By default, the `ipython-sql` magic sets `SqlMagic.autopandas=False` BUT we have overridden this with a setting that sets `SqlMagic.autopandas=True` whenever a notebook is loaded in the TM351 VM.

`SqlMagic` also allows us to assign the results of a query directly to a Python variable (e.g. `myResponseObject`) using the magic command:

<code>%%sql myResponseObject << </code>

The combination of these means we can easily capture the results of an SQL query into a DataFrame for further manipulation.

Perhaps confusingly, pandas DataFrame and raw `ResultSet` objects are rendered the same way in a notebook. To check which sort of object is returned, we can find its `type`, for example by running a command of the form:

`type( myResponseObject )`

Let's see how the variable assignment works.

First, ensure that we are returning pandas DataFrame objects from the SQL query:

In [None]:
%config SqlMagic.autopandas=True

Here are a few rows from the `person` table:

In [None]:
%%sql some_people <<

SELECT *
FROM person
LIMIT 5;

In [None]:
some_people

In [None]:
#Check its type - it should be a pandas dataframe
type(some_people)

We can do all those things we can normally do with a DataFrame, such as ask for a summary…

In [None]:
some_people.describe()

although numerical summary statistics may not be meaningful for all columns. For example, some columns use a numerical value to encode a particular category, such as gender.

We can also pick out some columns from the dataframe in the usual pandas way:

In [None]:
some_people[['id', 'name', 'birthday']]

One thing to note is the auto-generated index of the DataFrame.
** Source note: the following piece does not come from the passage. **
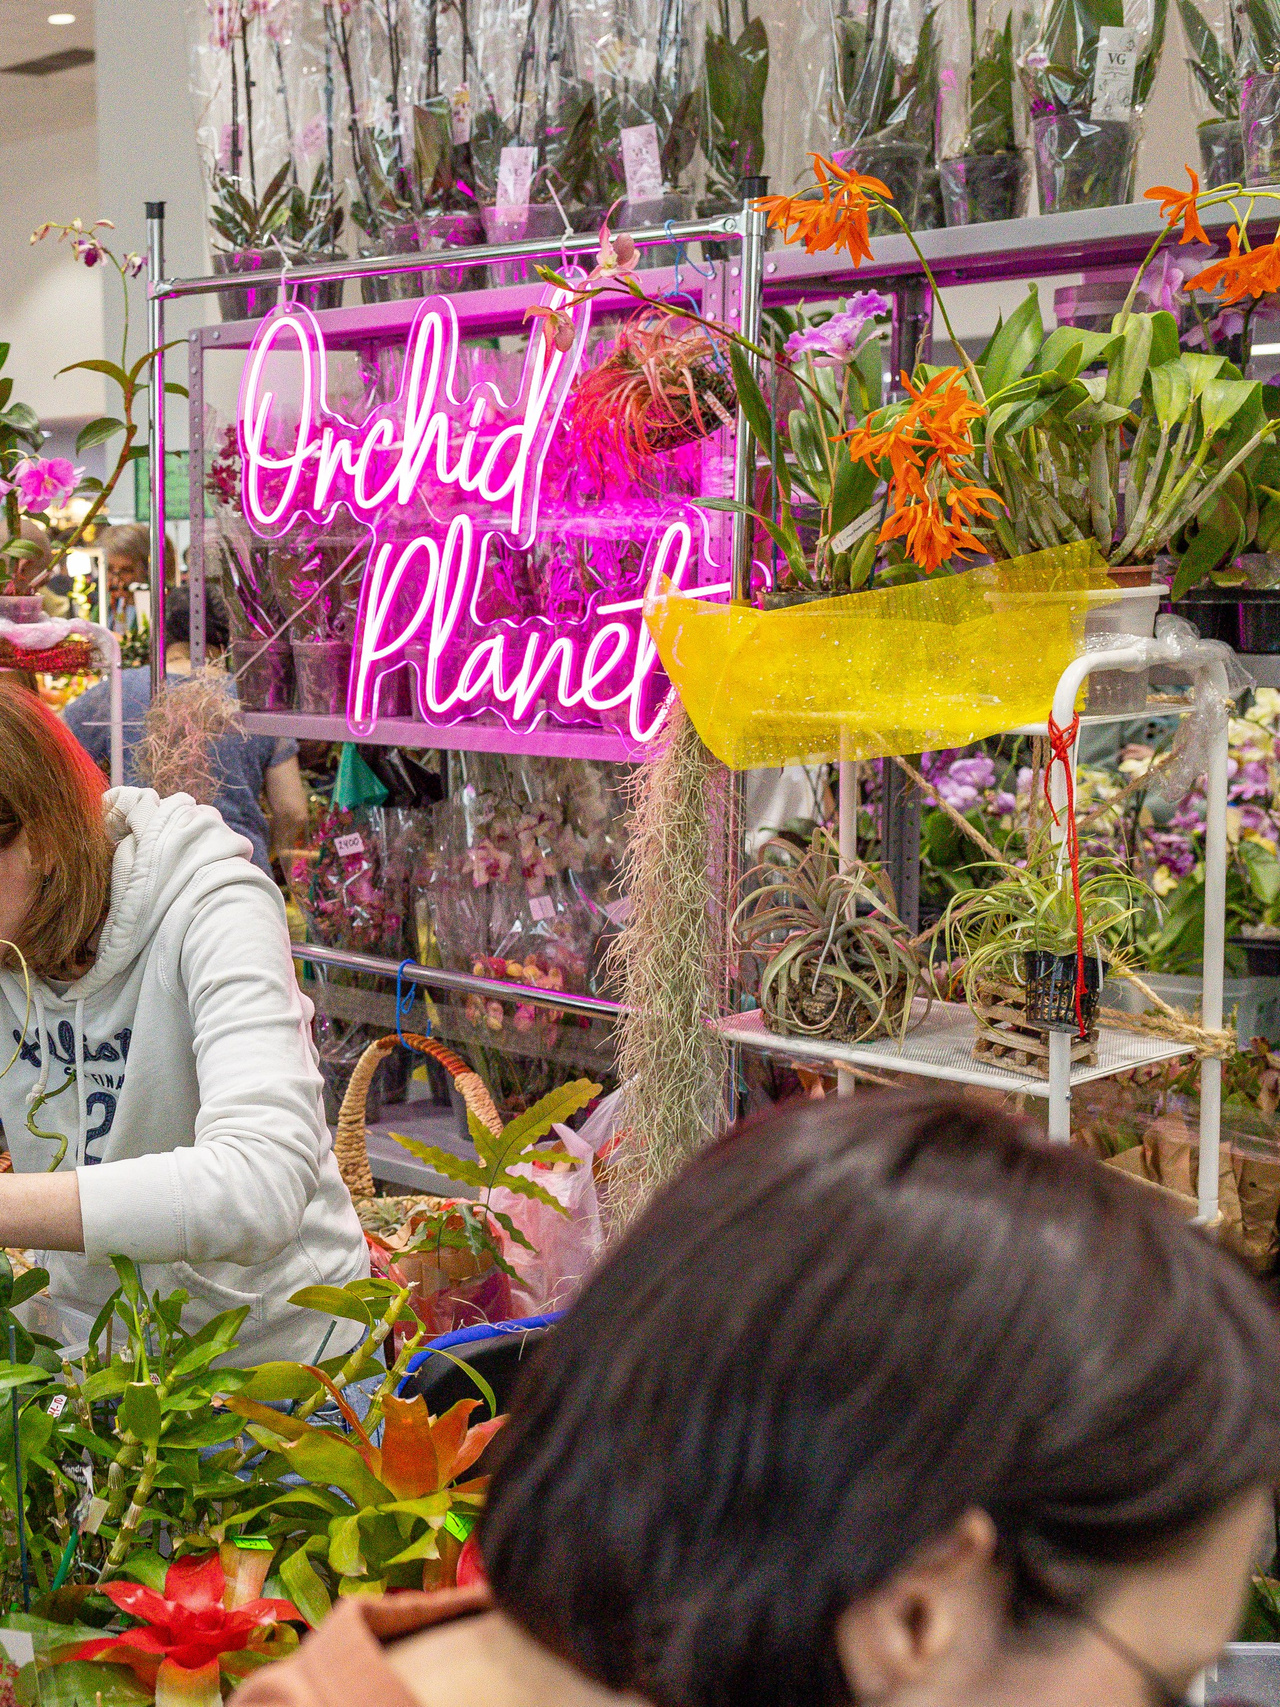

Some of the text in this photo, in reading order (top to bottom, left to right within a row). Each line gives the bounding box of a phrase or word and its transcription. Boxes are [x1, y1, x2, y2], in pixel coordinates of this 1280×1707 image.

[1108, 53, 1127, 65] VG
[243, 281, 576, 534] Orchid
[352, 514, 731, 742] Planet
Often, you'll find it more useful to create your own index, usually based on the primary key. You can do this with `set_index()`, like this:

In [None]:
# id is the primary key of the people table

some_people.set_index('id', inplace=True)
some_people

Note that the `inplace=True` means that the dataframe itself is changed. If we had used `inplace=False`, the method would have returned a new sorted dataframe, with `some_people` not being affected.
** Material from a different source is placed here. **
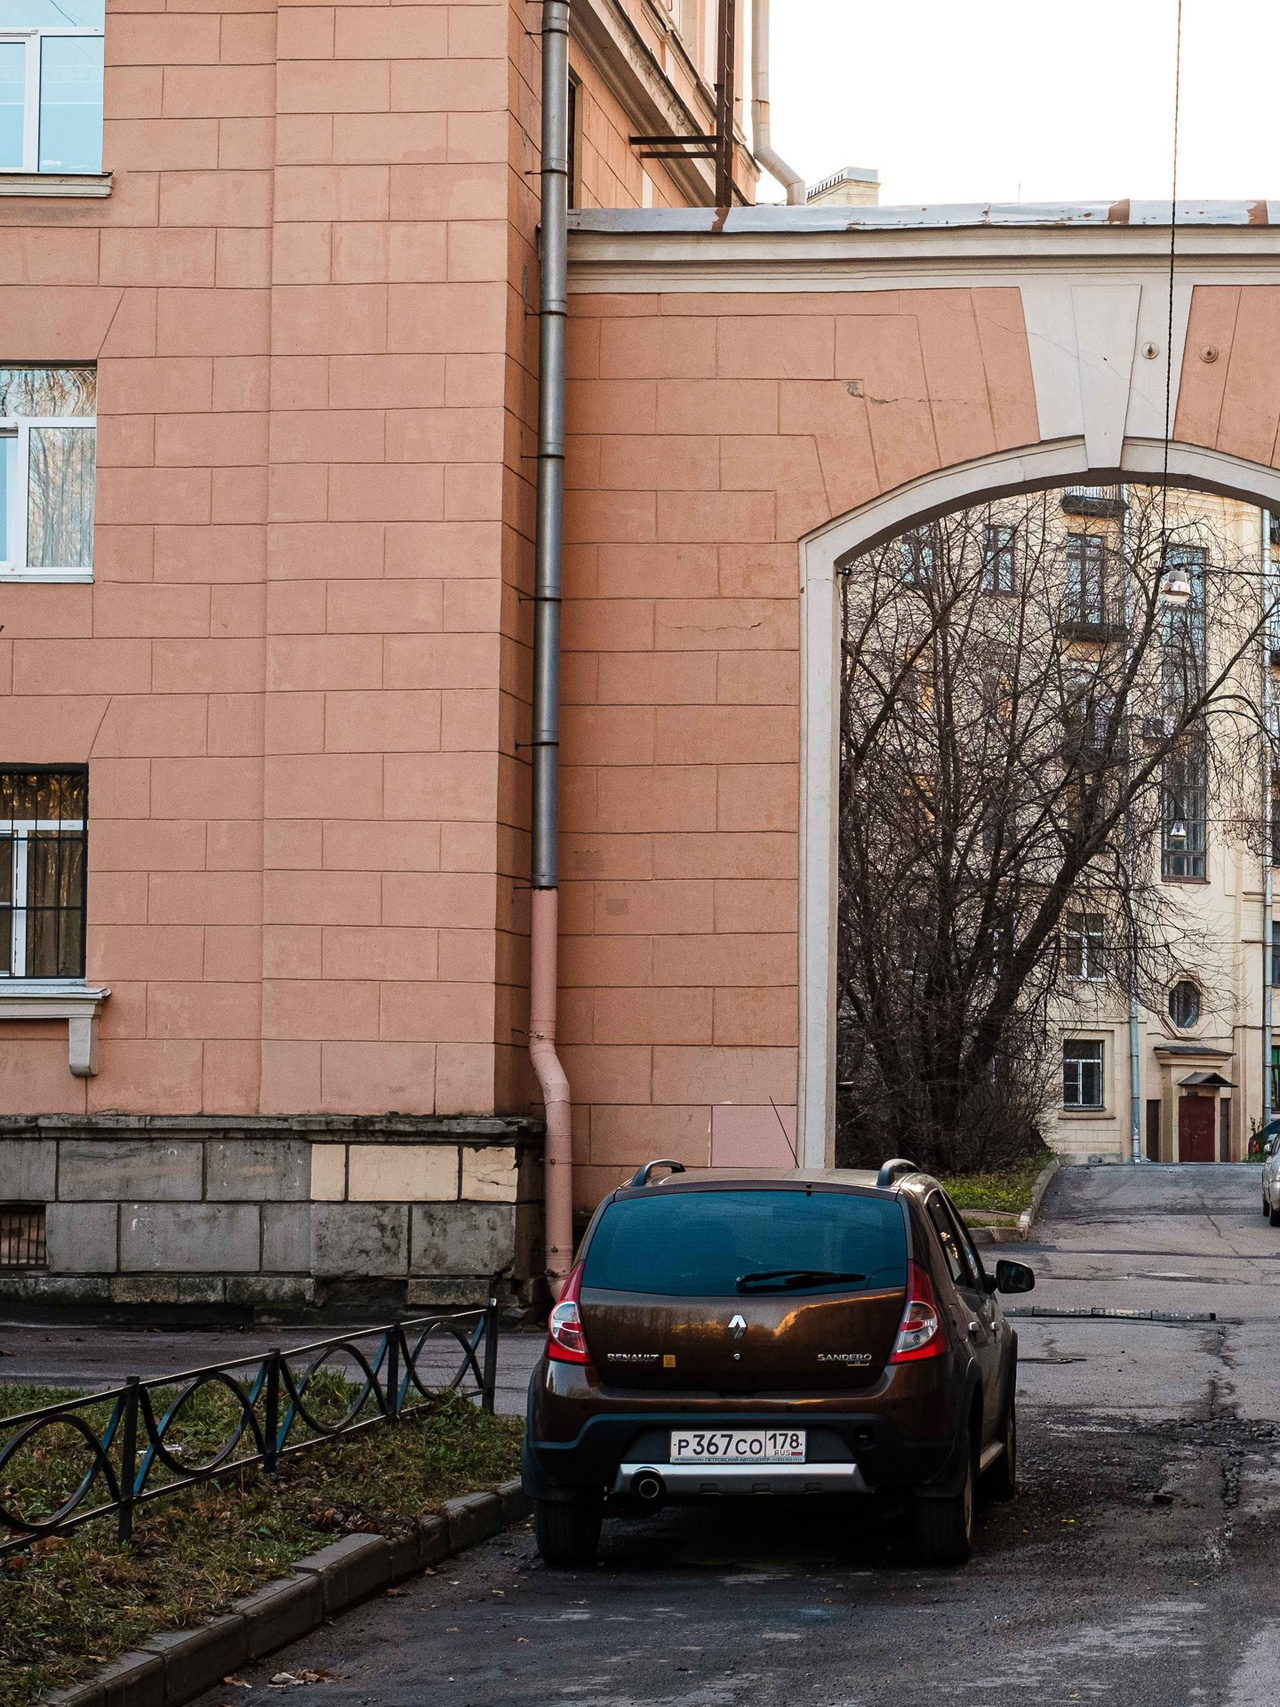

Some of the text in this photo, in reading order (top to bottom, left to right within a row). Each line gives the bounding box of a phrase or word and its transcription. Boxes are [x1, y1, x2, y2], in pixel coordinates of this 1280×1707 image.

[607, 1353, 659, 1362] RENAULT
[817, 1353, 872, 1361] SANDERO
[768, 1433, 800, 1449] 178
It can also be useful to sort the DataFrame by that index, using the `sort_index()` method:

In [None]:
some_people.sort_index(inplace=True)
some_people

# Difference between critic and audience ratings
Now we have a brief understanding of the dataset, let's look into the `movie` table a bit more. 

Each movie has many different ratings. Are they telling us the same thing, or different things? If the critic and audience ratings are different, for which films are they most different?

### Activity 3

Create a DataFrame of films, containing:
- the film's title,
- the film's critic rating (`rt_all_critics_rating`),
- the film's audience rating (`rt_audience_rating`), and 
- the absolute difference between the ratings.

Only include movies where both the critic and audience ratings are given (i.e. where both are greater than zero). The DataFrame should be indexed by movie ID, but ordered so the largest differences in ratings are in the first rows.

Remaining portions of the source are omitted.